​​Dr Fallon on Guidelines for the Administration of Infection Prophylaxis in R/R Multiple Myeloma

In Partnership With:

Partner | Cancer Centers | <b>University of Wisconsin Carbone Cancer Center</b>

Michael J. Fallon, MD, discusses guidelines for the use and administration of infection prophylaxis in relapsed/refractory multiple myeloma, as well as the future role of prophylactic immunization in this landscape.

Michael J. Fallon, MD, radiation oncologist, University of Wisconsin Carbone Cancer Center, discusses guidelines for the use and administration of infection prophylaxis in relapsed/refractory multiple myeloma, as well as the future role of prophylactic immunization in this landscape.

When integrating infection prophylaxis with other agents in the myeloma space, most clinicians will reference the National Comprehensive Cancer Network (NCCN) guidelines for multiple myeloma and hematopoietic stem cell transplantation, Fallon begins. It is important to note that NCCN recommendations currently address specific patient features or conditions, and are being adjusted to account for newer additions to the armamentarium, such as CAR T-cell therapies and bispecific antibodies, Fallon notes. Additionally, the NCCN has begun to incorporate specific recommendations for these therapies into their Cancer-Related Infection Guidelines, which can be an additional tool for navigating the use of prophylactics, Fallon explains.
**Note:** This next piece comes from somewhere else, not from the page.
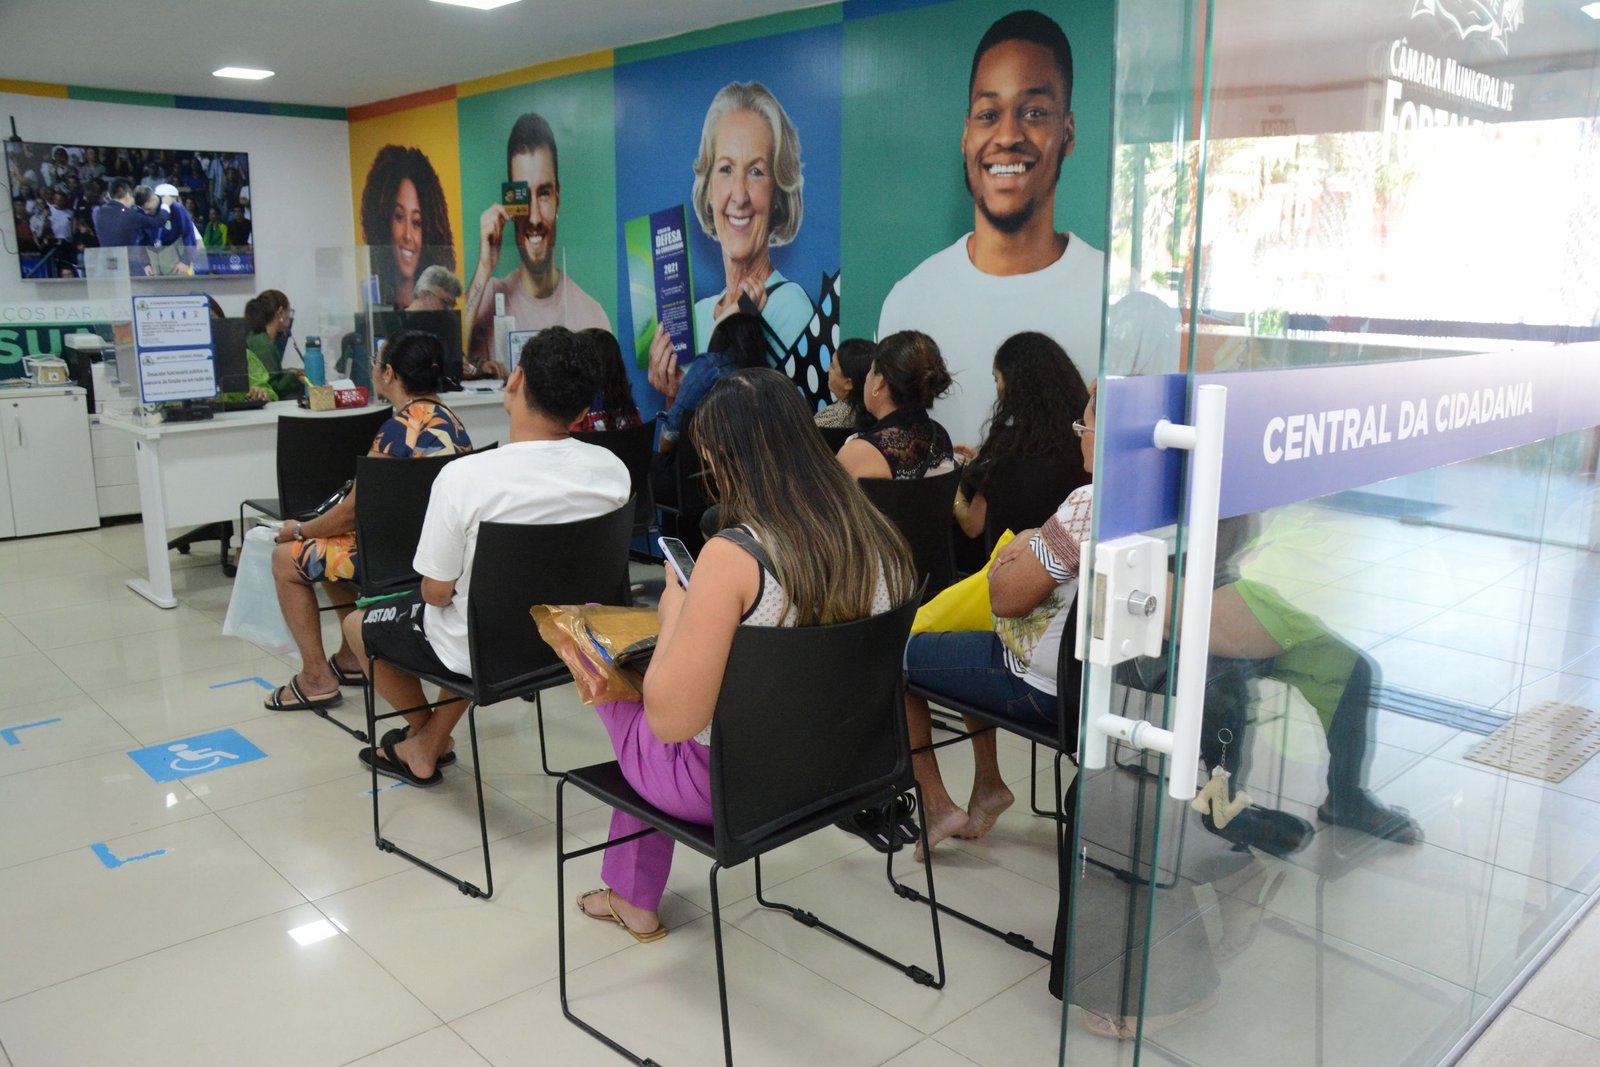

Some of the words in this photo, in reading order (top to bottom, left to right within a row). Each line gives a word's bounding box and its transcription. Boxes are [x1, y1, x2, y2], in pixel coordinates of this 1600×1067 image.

Moreover, treatment with vaccination is a particularly useful tool for patients with multiple myeloma, as these patients are known to have an increased risk of developing infection due to immune dysregulation at the time of diagnosis, or treatment-related immune suppression. Additionally, appropriate supportive care for patients who received an autologous or allogeneic stem cell transplant is even more vital. These patients may require more vaccinations after undergoing transplant due to low antibody levels.

Currently, the coadministration of conventional prophylaxis is recommended when using certain vaccinations to further reduce risk. However, the use of vaccinations will continue to evolve in this space, and may eventually replace supplemental infectious medication prophylaxis, Fallon states. For example, vaccinations could reduce the need for patients to continue taking oral medications that prevent infection after receiving CAR T-cell therapy, he explains.

Although the use of vaccinations in this space represents an additional potential treatment option, more research is needed to identify which specific vaccinations may be needed after a given therapeutic agent, and their impact on T-cell responses, Fallon concludes.